- _Data_:
= = = = = = =

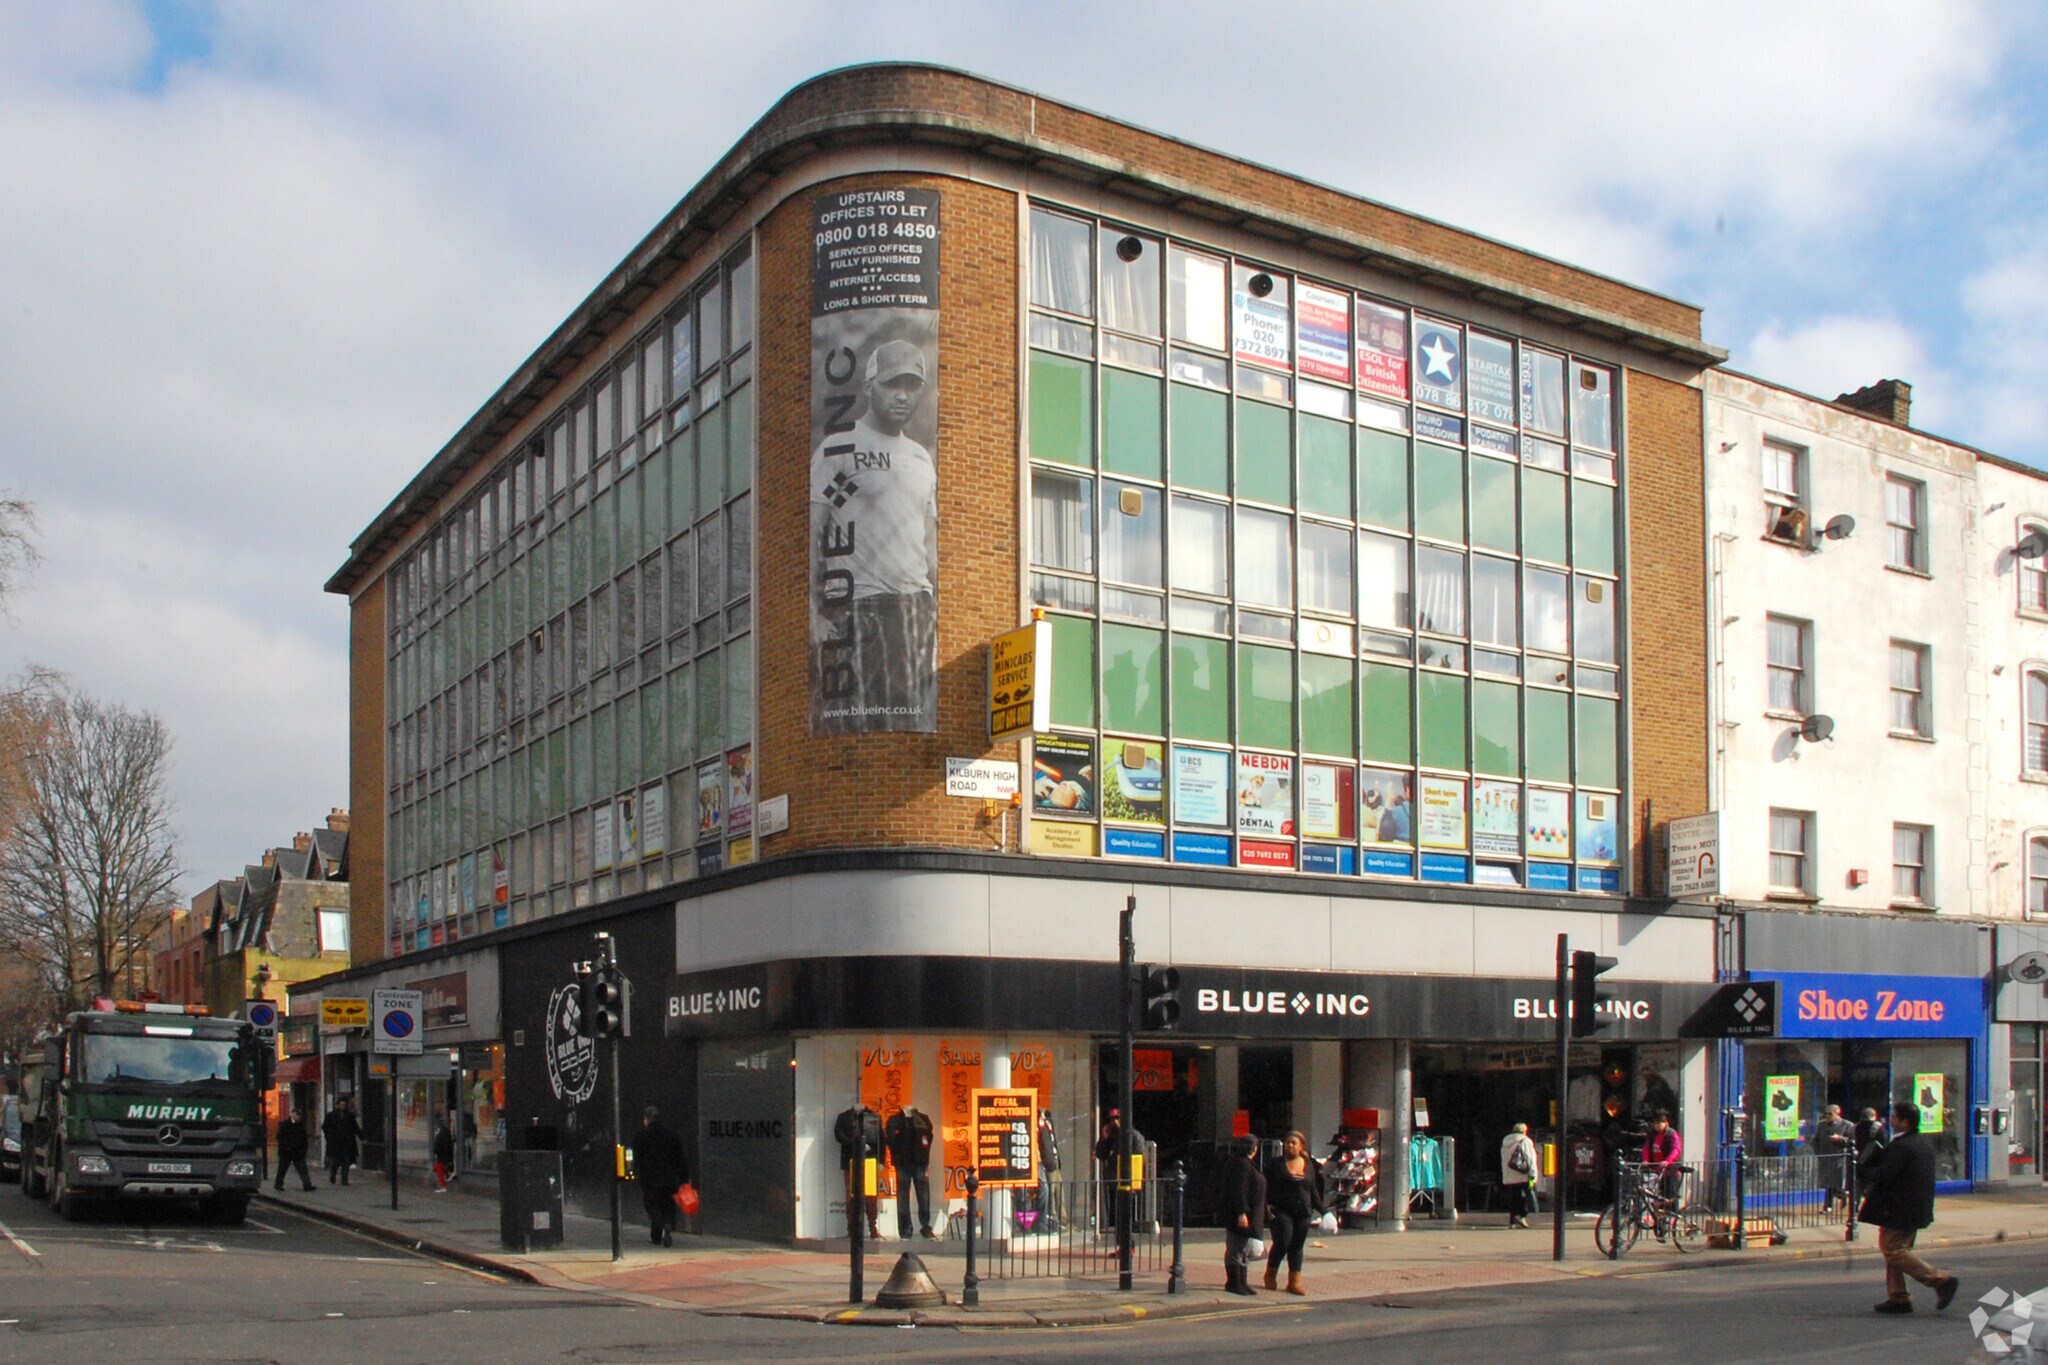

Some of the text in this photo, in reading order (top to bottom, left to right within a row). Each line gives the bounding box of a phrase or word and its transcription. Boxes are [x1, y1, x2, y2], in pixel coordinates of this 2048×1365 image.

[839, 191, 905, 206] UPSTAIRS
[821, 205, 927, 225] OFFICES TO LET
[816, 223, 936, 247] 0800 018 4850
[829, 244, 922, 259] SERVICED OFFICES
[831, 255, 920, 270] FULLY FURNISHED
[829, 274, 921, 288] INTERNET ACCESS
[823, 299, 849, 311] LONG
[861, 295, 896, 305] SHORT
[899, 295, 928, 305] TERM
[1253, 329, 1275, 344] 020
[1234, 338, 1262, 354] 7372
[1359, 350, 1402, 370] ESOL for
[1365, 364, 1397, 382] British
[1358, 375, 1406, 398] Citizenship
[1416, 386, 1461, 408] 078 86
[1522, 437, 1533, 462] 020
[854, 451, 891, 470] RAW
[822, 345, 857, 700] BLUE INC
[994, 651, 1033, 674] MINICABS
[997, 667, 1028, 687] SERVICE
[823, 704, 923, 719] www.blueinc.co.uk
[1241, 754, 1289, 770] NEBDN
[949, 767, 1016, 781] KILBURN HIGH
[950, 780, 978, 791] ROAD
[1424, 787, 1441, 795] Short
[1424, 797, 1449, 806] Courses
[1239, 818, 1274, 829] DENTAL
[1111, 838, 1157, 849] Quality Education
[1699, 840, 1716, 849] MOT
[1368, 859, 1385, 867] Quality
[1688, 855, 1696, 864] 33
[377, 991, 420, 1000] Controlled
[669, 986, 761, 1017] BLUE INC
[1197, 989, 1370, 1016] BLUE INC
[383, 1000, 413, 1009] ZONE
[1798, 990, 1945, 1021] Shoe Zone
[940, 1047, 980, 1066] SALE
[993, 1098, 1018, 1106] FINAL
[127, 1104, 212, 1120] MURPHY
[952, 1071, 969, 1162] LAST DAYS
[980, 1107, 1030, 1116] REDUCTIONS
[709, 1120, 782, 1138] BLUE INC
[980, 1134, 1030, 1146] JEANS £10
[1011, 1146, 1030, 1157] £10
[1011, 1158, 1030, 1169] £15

= = = = = = =

- _Action item_: In your copy, omit the pictures and restate every line of the data word for word.

- _Solution to this exercise_:
Some of the text in this photo, in reading order (top to bottom, left to right within a row). Each line gives the bounding box of a phrase or word and its transcription. Boxes are [x1, y1, x2, y2], in pixel coordinates of this 2048×1365 image.

[839, 191, 905, 206] UPSTAIRS
[821, 205, 927, 225] OFFICES TO LET
[816, 223, 936, 247] 0800 018 4850
[829, 244, 922, 259] SERVICED OFFICES
[831, 255, 920, 270] FULLY FURNISHED
[829, 274, 921, 288] INTERNET ACCESS
[823, 299, 849, 311] LONG
[861, 295, 896, 305] SHORT
[899, 295, 928, 305] TERM
[1253, 329, 1275, 344] 020
[1234, 338, 1262, 354] 7372
[1359, 350, 1402, 370] ESOL for
[1365, 364, 1397, 382] British
[1358, 375, 1406, 398] Citizenship
[1416, 386, 1461, 408] 078 86
[1522, 437, 1533, 462] 020
[854, 451, 891, 470] RAW
[822, 345, 857, 700] BLUE INC
[994, 651, 1033, 674] MINICABS
[997, 667, 1028, 687] SERVICE
[823, 704, 923, 719] www.blueinc.co.uk
[1241, 754, 1289, 770] NEBDN
[949, 767, 1016, 781] KILBURN HIGH
[950, 780, 978, 791] ROAD
[1424, 787, 1441, 795] Short
[1424, 797, 1449, 806] Courses
[1239, 818, 1274, 829] DENTAL
[1111, 838, 1157, 849] Quality Education
[1699, 840, 1716, 849] MOT
[1368, 859, 1385, 867] Quality
[1688, 855, 1696, 864] 33
[377, 991, 420, 1000] Controlled
[669, 986, 761, 1017] BLUE INC
[1197, 989, 1370, 1016] BLUE INC
[383, 1000, 413, 1009] ZONE
[1798, 990, 1945, 1021] Shoe Zone
[940, 1047, 980, 1066] SALE
[993, 1098, 1018, 1106] FINAL
[127, 1104, 212, 1120] MURPHY
[952, 1071, 969, 1162] LAST DAYS
[980, 1107, 1030, 1116] REDUCTIONS
[709, 1120, 782, 1138] BLUE INC
[980, 1134, 1030, 1146] JEANS £10
[1011, 1146, 1030, 1157] £10
[1011, 1158, 1030, 1169] £15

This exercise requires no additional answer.